STAFF NEWS & ANALYSIS
Obama to Meet With Economic Team
By - November 07, 2008

Barack Obama will meet his economic team on Friday and hold his first news conference since becoming U.S. president-elect as the country awaited signs of how he might tackle the economic crisis. Obama, who stands to inherit the worst financial crisis since the Great Depression, faced pressure to announce his picks for key economic jobs, including Treasury secretary, though there were no indications of when he might do so. On Wall Street, stocks closed sharply lower for a second day. The Dow Jones industrial average tumbled 443.48 points, or 4.85 percent, after plummeting almost 500 points or about 5 percent on Wednesday — the biggest fall ever on the day after a presidential election. Though the timing of the Treasury secretary announcement was uncertain, names being considered for the job included Timothy Geithner, president of the Federal Reserve Bank of New York; former Treasury Secretary Lawrence Summers; and former Federal Reserve Board Chairman Paul Volcker. – Reuters

Dominant Social Theme: The adults ready the countercharge.

Free-Market Analysis: For some reason, it is widely accepted within the mainstream media that Barack Obama shall bring a sense of reason and purpose to responses to the economic crisis. He is meeting with people reputed to be at the top of the economic field, and the idea is that this group will accomplish what others have not: They will cure the crisis.

But here is the reality of the crisis: It will take time to unwind. It has been caused by central bank money stimulation and will have to outrun its own ruin. There are many who would question this point of view but it is obviously so. It is a free-market interpretation, but free-market monetary analysis predicted the current crisis in a way that other kinds of economics cannot. In fact, once the idea that money stimulation is central to financial difficulties, the rest flows logically and provides a framework for accurate economic analyses.

What is the model that is being used? Visualize a field of corn, not the edible kind, but one being grown for, say, ethanol. Now visualize that the field grows larger and larger as more and more money is made available by banks for the purpose of growing corn for ethanol. Finally, the farmer has planted so much corn, that he has ceased to plant lettuce and tomatoes, ceased to tend to his flocks, but let them be led away to slaughter at once. Now, finally visualize that the market itself rebels against the oversupply of corn and ceases to support it. There is too much corn and ethanol plants are foundering anyway.

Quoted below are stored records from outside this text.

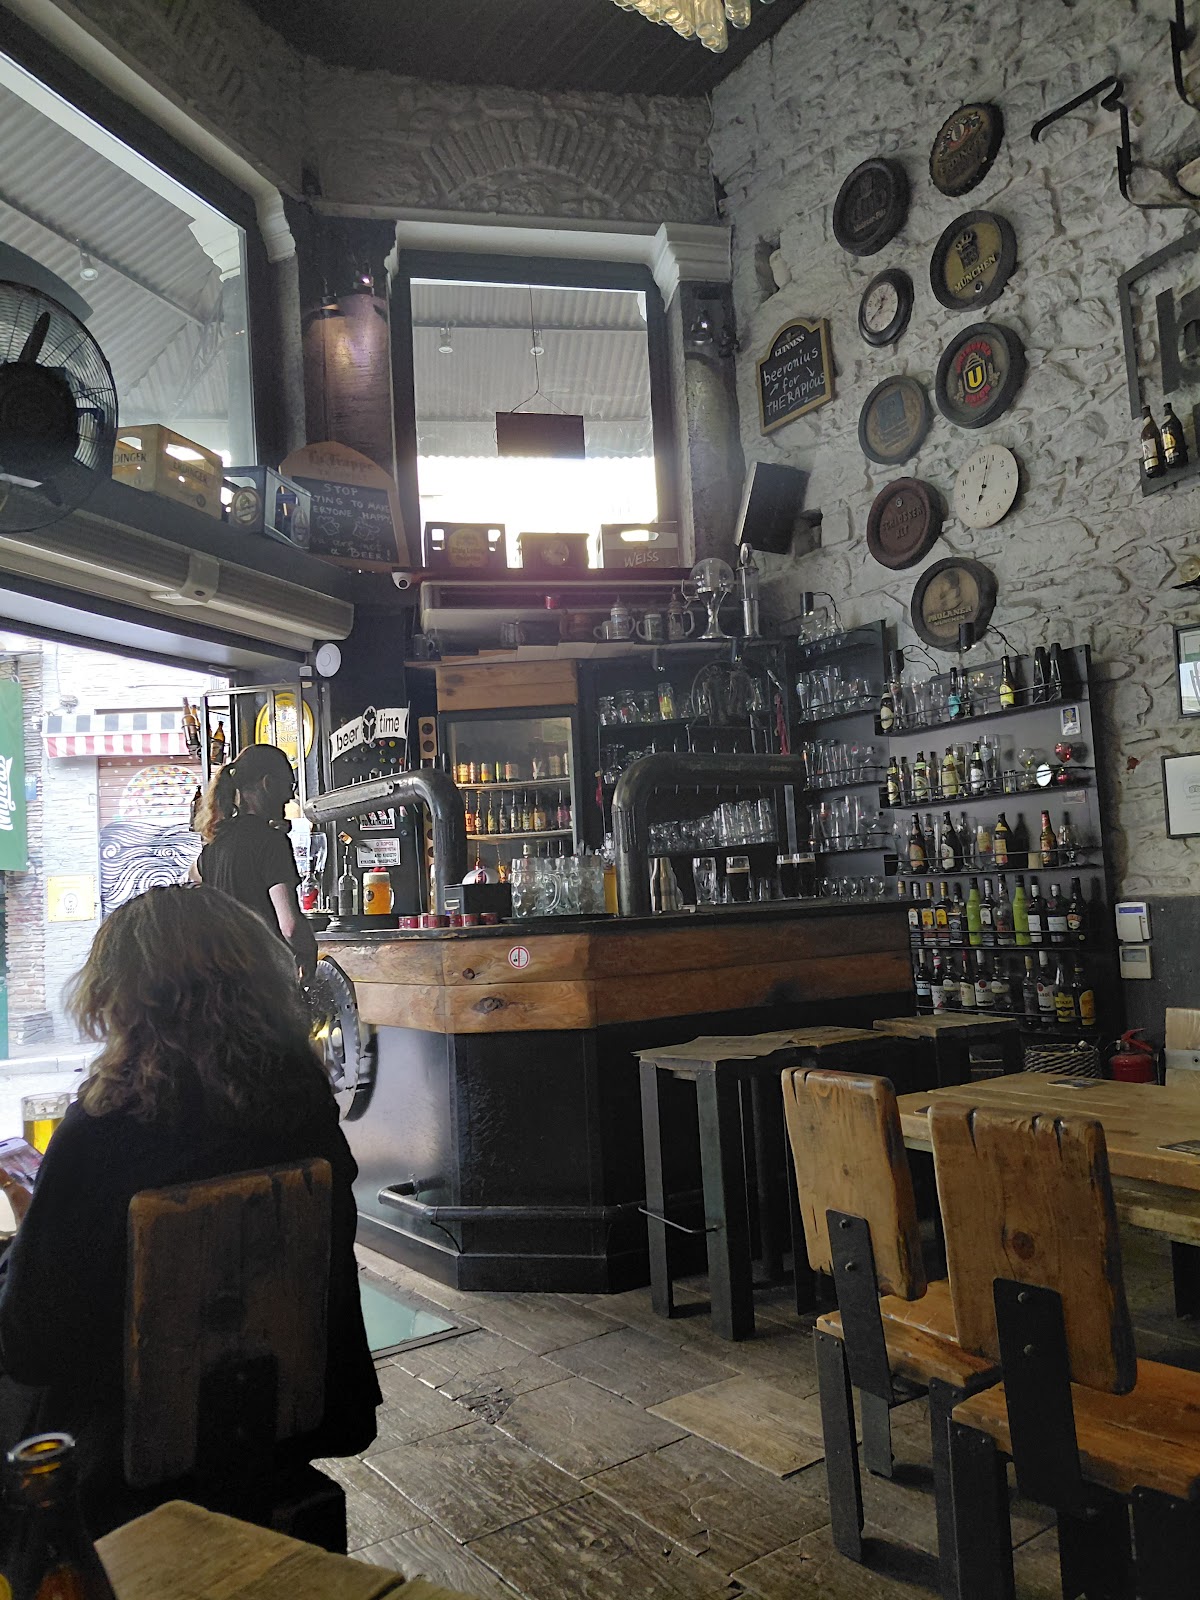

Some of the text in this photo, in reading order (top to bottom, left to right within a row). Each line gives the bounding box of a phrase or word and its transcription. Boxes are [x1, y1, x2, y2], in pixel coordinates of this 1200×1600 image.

[954, 253, 997, 294] MÜNCHEN
[774, 334, 806, 358] GUINNESS
[763, 347, 819, 387] beeronius
[967, 365, 983, 388] U
[782, 374, 801, 393] for
[765, 372, 826, 416] THERAPIOUS
[114, 452, 148, 464] DINGER
[978, 455, 986, 464] 12
[172, 461, 209, 485] ERDINGER
[323, 483, 359, 496] STOP
[312, 505, 353, 518] ERYONE
[350, 499, 364, 509] TO
[368, 502, 391, 513] MAKE
[332, 539, 354, 548] are
[623, 551, 660, 568] WEISS
[927, 605, 973, 623] PAULANER
[379, 712, 400, 733] time
[336, 724, 360, 752] beer
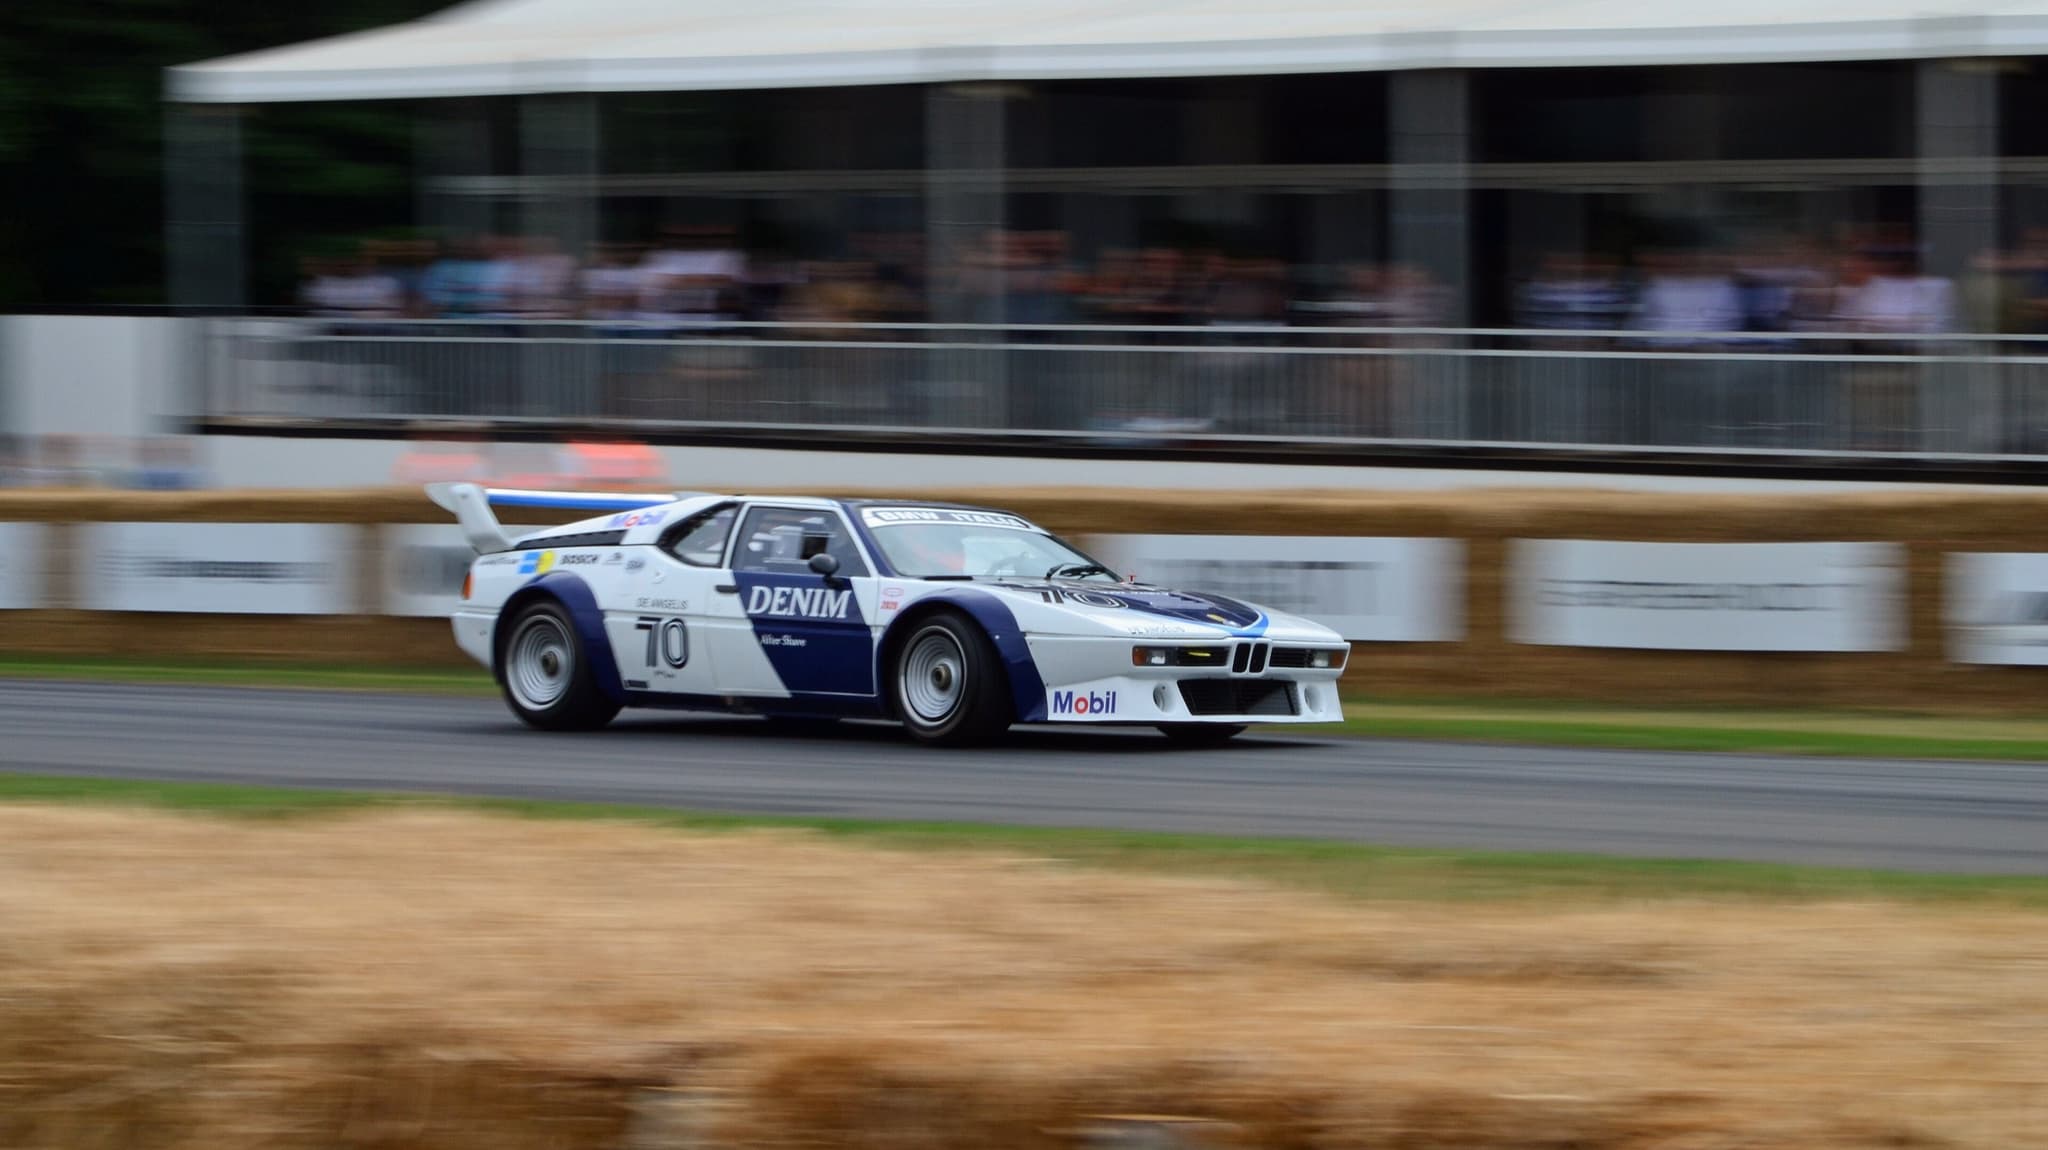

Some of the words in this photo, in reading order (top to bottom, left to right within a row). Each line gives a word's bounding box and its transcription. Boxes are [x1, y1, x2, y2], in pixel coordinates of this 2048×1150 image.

This is the predicament in which the economy finds itself. There is too much of one crop and that crop is neither edible nor utile. It was grown as the result of mania, created by central bank's easy money. It will take time before good crops are planted again. In fact, all the monetary stimulation in the world cannot undo the decisions that have been made in the past. After a great euphoria, time must pass before a more rational marketplace is recreated.

After Thoughts

Great central-banking stimulations are inevitably followed by downturns because the market has been so distorted by false money flows. Gold and silver tend to do well in such situations because they remain a store of value no matter the distortion in the rest of the economy. In fact, in such times, gold and silver prices (and affiliated plays) may rise radically. In the meantime, there shall be endless promises made and endless initiatives to revive an economy that will not expand again until the contraction has run its natural course. None of this shall find its way into the mainstream press in a big way. No, there will be endless articles about what central bankers are doing but not about what they have done. And all the explanations and strategy is brought to you courtesy of the very same braintrust that runs the central banks, and ran the economy, worldwide, into the ground in the first place.